This question comes mainly from curiosity. I’m not quite sure how to phrase it best. Especially in a title. But I’m wondering if say you have one thread writing to a variable of an essentially primitive type and one thread reading them at the same time if there’s any likelihood of the read happening while the variable is half written causing either weird values or undefined behavior.
Take something like a value of 8 bits from 00010101 to 11101000.

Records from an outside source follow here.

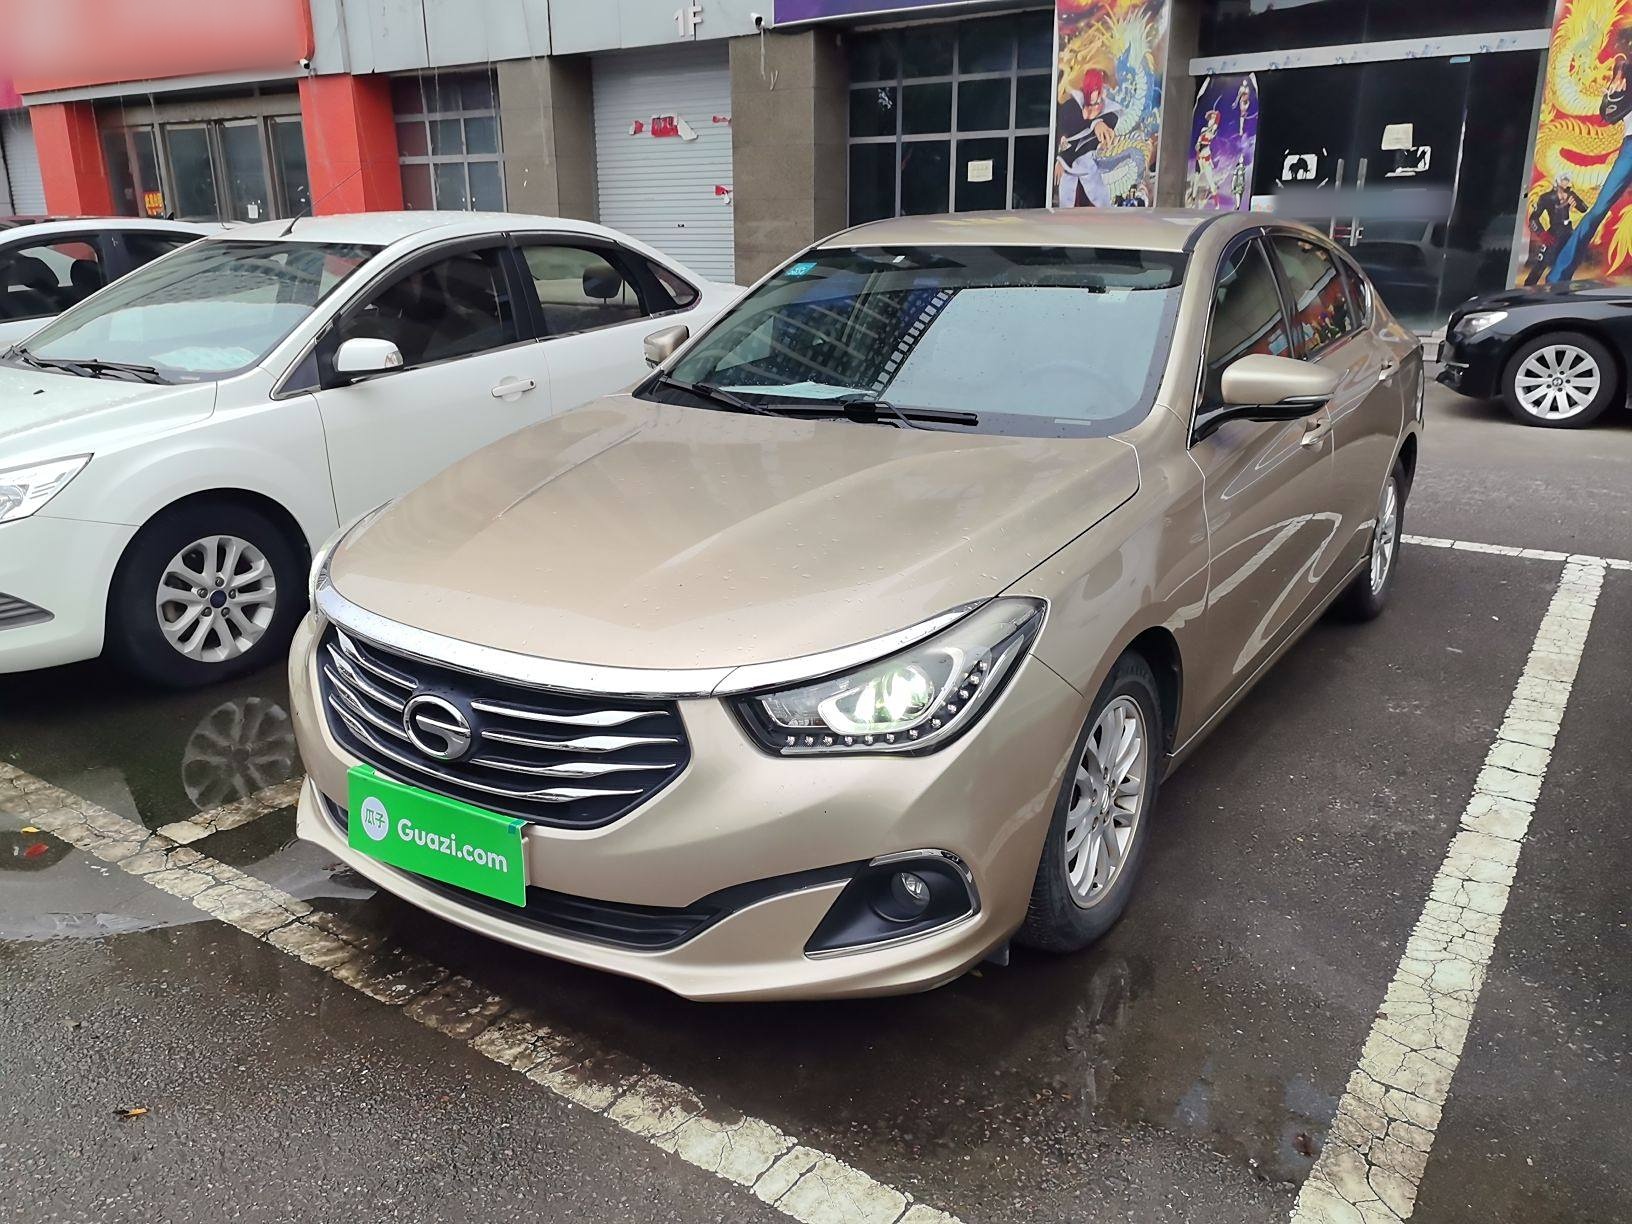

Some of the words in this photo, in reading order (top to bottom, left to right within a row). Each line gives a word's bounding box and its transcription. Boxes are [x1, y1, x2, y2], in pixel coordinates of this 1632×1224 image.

[673, 5, 703, 37] 1F
[365, 809, 386, 828] 瓜子
[398, 819, 508, 873] Guazi.com
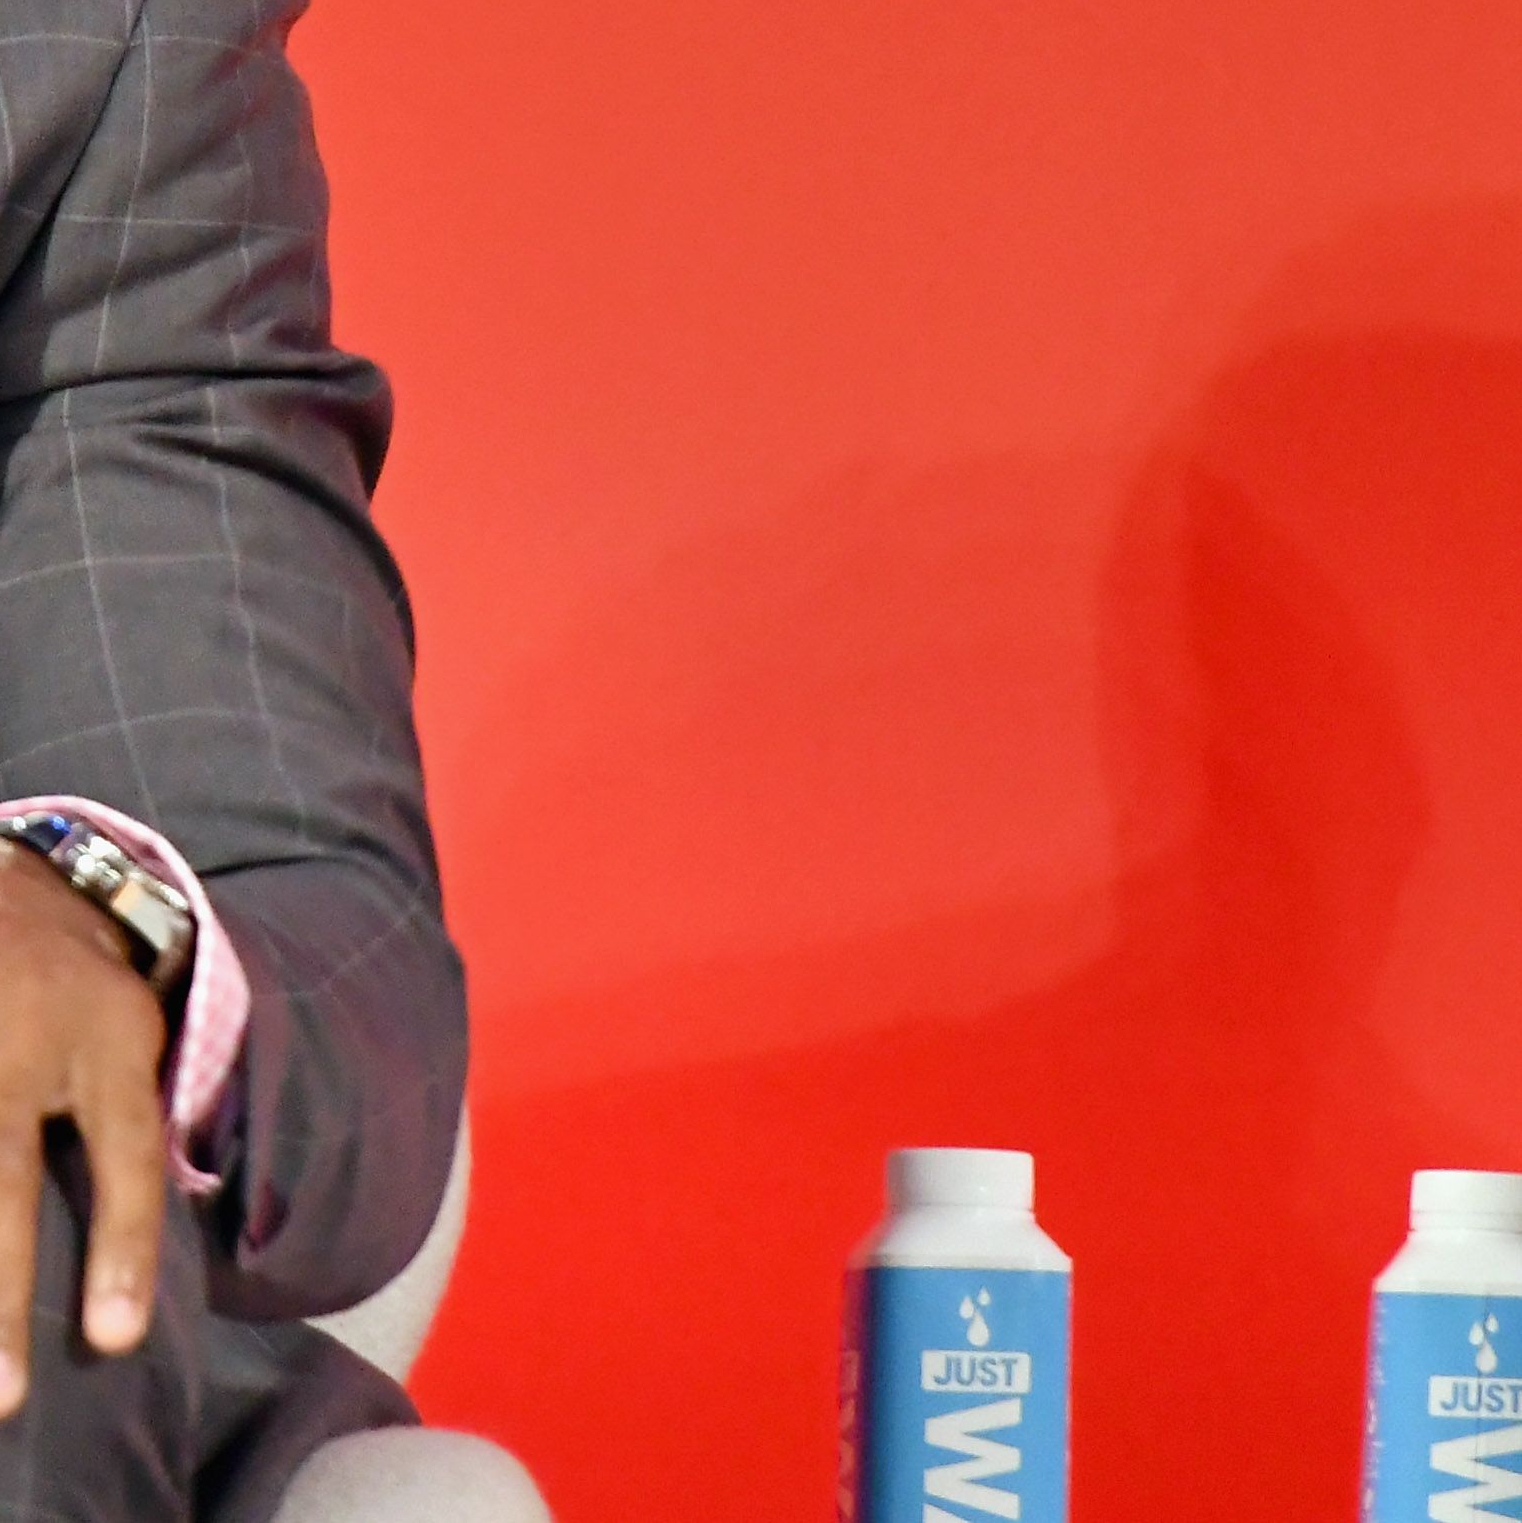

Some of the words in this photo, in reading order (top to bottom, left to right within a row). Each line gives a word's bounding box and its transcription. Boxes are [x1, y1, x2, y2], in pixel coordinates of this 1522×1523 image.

[933, 1356, 1018, 1387] JUST
[1440, 1382, 1522, 1413] JUST
[924, 1398, 1021, 1523] W

I’m imagining if say 4 bits are written while we try to read it the result could be something like
11100101
To play around i made this small sample rust. It passed without making garbage. Printing at first a bunch of lines stating “String = Hello!” and second “String = Hi!” without weirdness or issues. I kind of half-expected something like “String = #æ鼨A” or a segfault.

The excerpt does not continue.